RMDS is known as an international ecosystem service provider that empowers data science professionals and businesses worldwide to achieve successful, data-driven results. The City of Los Angeles, through Holm, approached RMDS to help them create and stage the unique challenge.

"RMDS has a great way of connecting with the community, sharing education, collaborating and and bringing people in, so I thought this very technical challenge would be right up their alley," Holm said of RMDS.

Also sponsored by SafeGraph and Snowflake, data service companies based in California, the CCC actually was either a data science competition or a coalition consisted of partners like the LA County Department of Public Health and others, to bring the power of data science and analytics to bear on better ways to assess, track, predict and contain COVID-19, using Los Angeles, the second largest U.S. city, as a test site.

Over 400 programmers, scientists and students from four continents around the world joined the competition and toiled away for two very intense weeks to create and submit their unique data-driven solutions that could be used to enable Los Angeles to better assess the existing fatal disease threat and provide innovative solutions on how to help more accurately assess the risk of infection and reduce infection vectors.

The winners saw U.S. and Chinese data teams, USC-ANRG and Contemporary Li Shizhen, respectively, taking the first and second prize victory laps, with teams RPI Solvers and DSO also tied for second place. All of the four winning teams were composed of mixed international coalitions from the United States, China, India, Vietnam, Iran and Israel.

Additional prizes, "Best App" and "Rising Star in Data Science" were also awarded. Best App went to the Padron Peppers, the Prayaga family mother-father-and-two-son team that created a user-friendly app which can track multiple personal and location-based data points about the user and Los Angeles neighborhoods to help arrive at a rated risk level for each area.

The "Rising Star in Data Science" honor was awarded to young high schooler, HMDA's Daniel Ji-Heng Kao for his app that created a risk map for the city's elderly population. Two other teams tied for second place: "RPI Resolvers" - a combined team of Chinese and Israeli members from Rensselaer Polytechnic Institute, and the two-man DSO international team.

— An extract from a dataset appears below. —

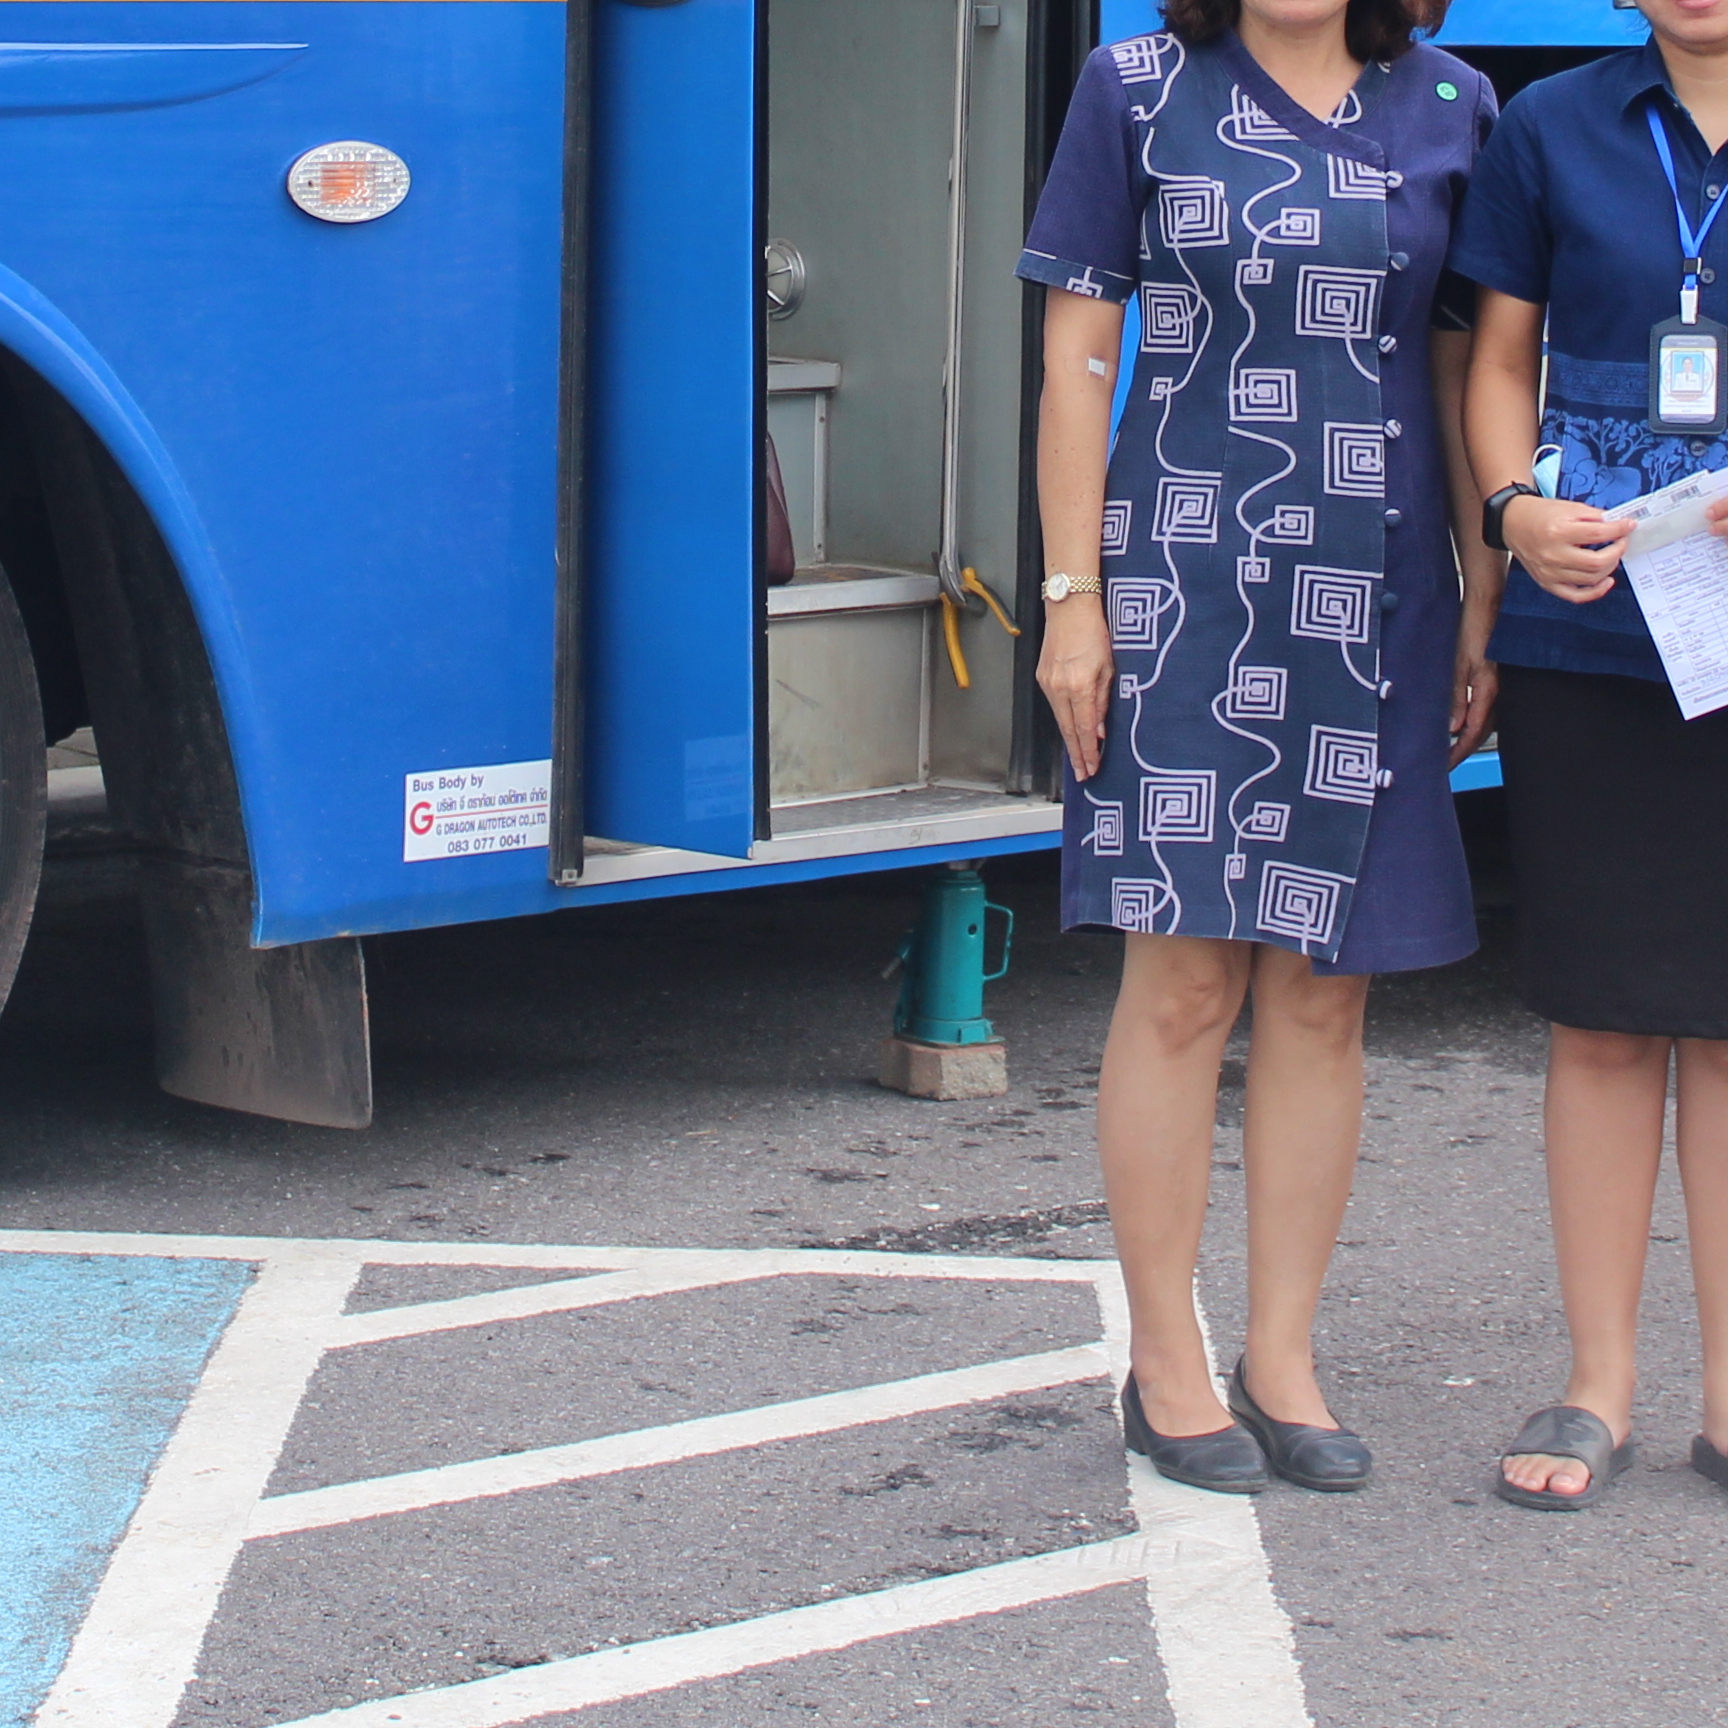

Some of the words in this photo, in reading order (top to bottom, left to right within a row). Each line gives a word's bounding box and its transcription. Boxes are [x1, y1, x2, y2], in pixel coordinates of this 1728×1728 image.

"I liked that we had teams from the U.S., China, and all over the world that worked across a lot of international boundaries to really highlight how data can bring us together globally and help us fight this specific pandemic," Holm said.

She told Xinhua, "People have to live their lives even during COVID-19, so we are trying to help them make decisions about where to go or avoid in LA to keep them as safe as possible while they exercise, get food, work, and go about their business. As economies and cities are slowly open, if people knew that some areas were higher risk, they could make informed decisions about where to go or not go around LA."

The competition provided each team with great mentors from the United States and China that gave each team advice and training and helped build an open data hub with valuable data sets that could contribute to the accuracy of the apps each team developed.

Holm commented that they set the challenge over a two-week period so contestants would have more time to delve deeper into the datasets they were provided with and bring more thought to their approaches than they could during a 24-hour Hackathon.

LA and RMDS's follow-up plan is to deploy the best bits of the winning solutions into one easy-to-use app that will be available to the public free of charge that combines USC-ANRG's data model as well as key elements from other winning apps and integrated with Patron Technology's user-friendly interface.

"Then anyone can use it to assess and reduce their risk in and around LA," RMDS founder and CEO Alex Liu told Xinhua.

"These ideas are going to make LA a safer city and hopefully they will be implemented at the LA County level too," said Eva Pereira, LA's deputy chief data officer.